A modular beverage dispensing assembly as claimed in Claim 3, characterized in that the three-way valve (26) is located at the end of the valve body (27), outside the pressure container (3), and comprises an outer casing (34) fixed directly to the valve body (27); a movable stem (35) inserted telescopically inside the outer casing (34); and a third elastic member (36) for opposing penetration of the movable stem (35) inside the outer casing (34); the variable-volume cavity formed by the movable stem (35) inside the outer casing (34) communicating directly with the through conduit (27a) of the valve body (27), and the outer casing (34) comprising a number of exhaust openings respectively connecting said variable-volume cavity to the outside and to the pressurized-gas source (5); depending on the position assumed with respect to the outer casing (34), the movable stem (35) being able to close the exhaust openings connecting the variable-volume cavity to the outside, or the exhaust openings connecting the variable-volume cavity to the pressurized-gas source (5).

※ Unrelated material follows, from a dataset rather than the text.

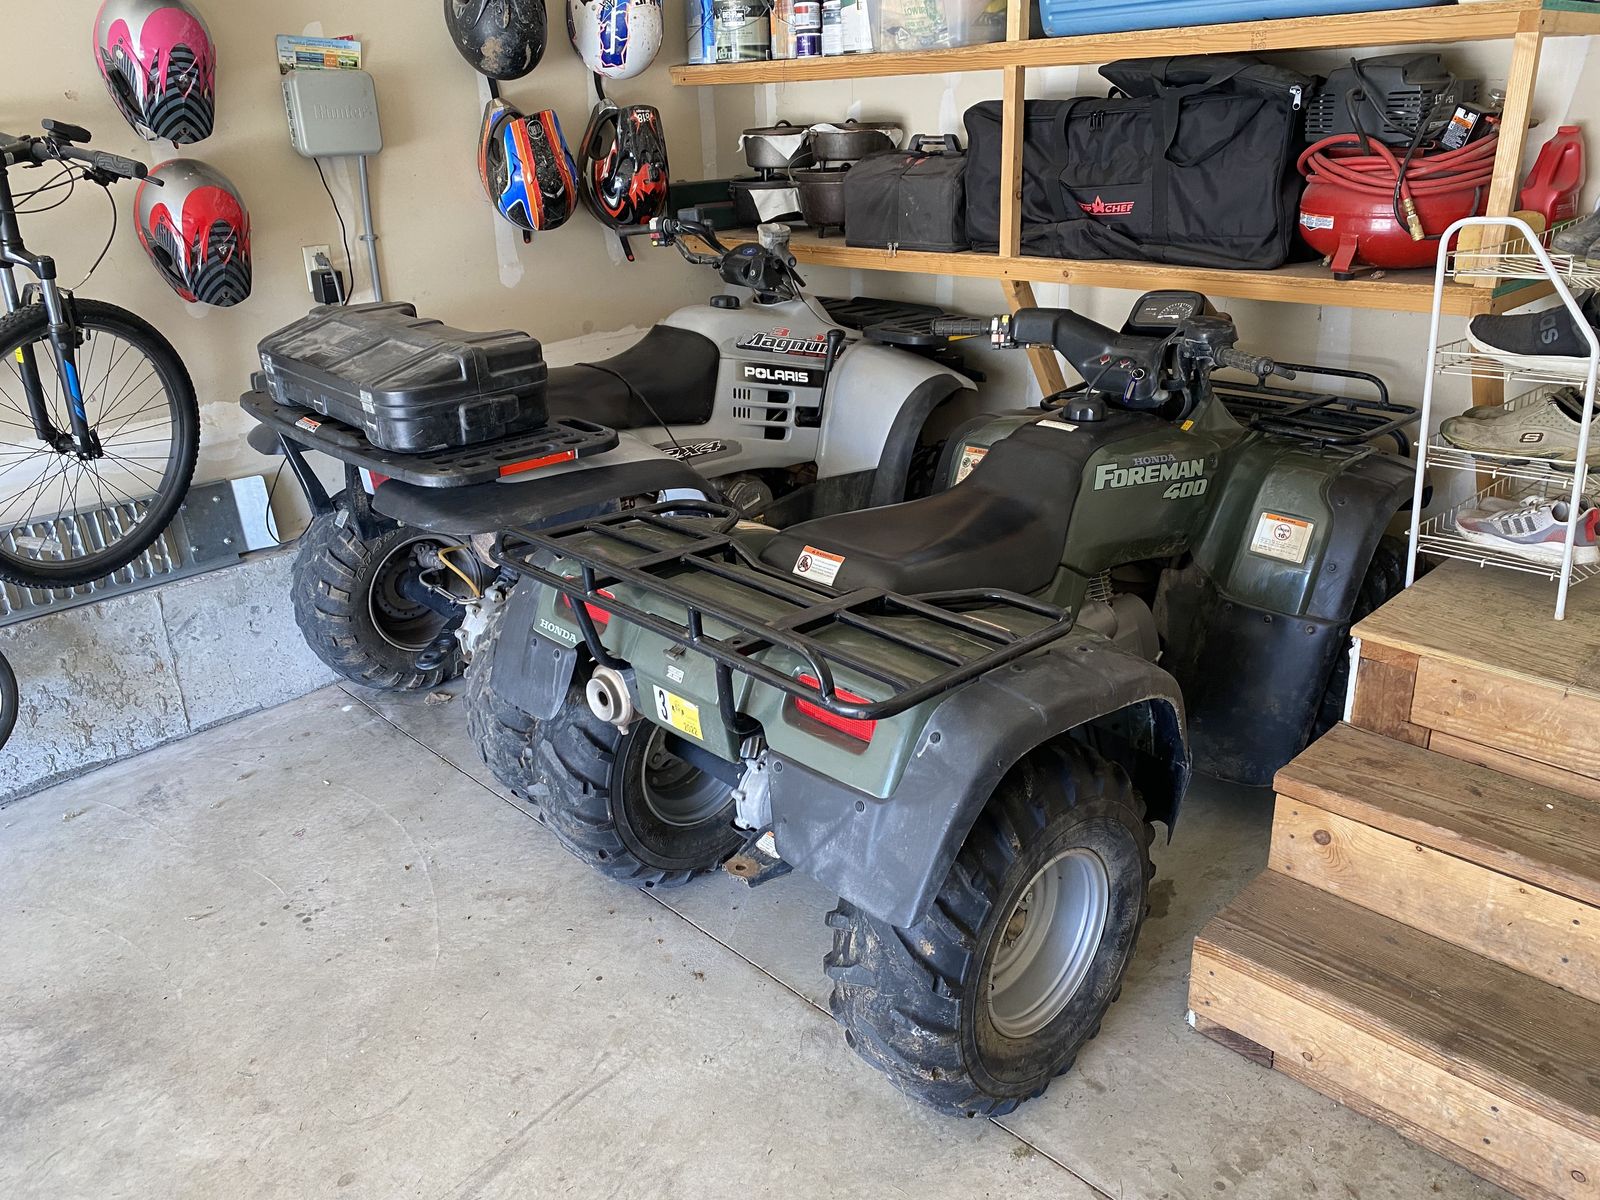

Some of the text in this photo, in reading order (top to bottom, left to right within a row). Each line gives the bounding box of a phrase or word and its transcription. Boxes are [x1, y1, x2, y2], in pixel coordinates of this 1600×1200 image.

A modular beverage dispensing assembly as claimed in Claim 12, characterized in that the movable stem (35) is movable between an extracted position, in which the movable stem (35) projects almost entirely from the outer casing (34) and closes the exhaust openings connecting the variable-volume cavity to the outside, so the pressurized gas from the pressurized-gas source (5) flows to the through conduit (27a) of the valve body (27), and a withdrawn position, in which the movable stem (35) is almost entirely inserted inside the outer casing (34) and closes the exhaust openings connecting the variable-volume cavity to the pressurized-gas source (5), thus connecting the pressure container (3) to the outside.

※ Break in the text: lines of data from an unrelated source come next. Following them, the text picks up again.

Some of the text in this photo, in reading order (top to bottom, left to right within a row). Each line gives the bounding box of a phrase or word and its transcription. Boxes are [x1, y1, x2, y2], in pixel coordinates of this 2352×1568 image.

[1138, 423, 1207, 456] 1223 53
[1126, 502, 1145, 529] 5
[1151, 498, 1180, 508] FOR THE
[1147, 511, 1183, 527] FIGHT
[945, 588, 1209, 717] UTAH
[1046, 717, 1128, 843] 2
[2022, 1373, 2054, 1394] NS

A modular beverage dispensing assembly as claimed in Claim 12 or 13, characterized in that the third elastic member (36) of the three-way valve (26) tends to keep the movable stem (35) in the extracted position; and the valve assembly (12) also comprises a cam guide (37) designed to push the movable stem (35) into the withdrawn position when the pressure container (3) is set to the work position.
A modular beverage dispensing assembly as claimed in any one of the foregoing Claims, characterized in that said beverage storage unit (2) also comprises a piercing head (13) positioned in an end wall (16b) of the pressure container (3), and is designed to pierce through a cap (11) of the collapsible container (10); and an outflow pipe for feeding the beverage contained in the collapsible container (10) out of the pressure container (3) through the piercing head (13).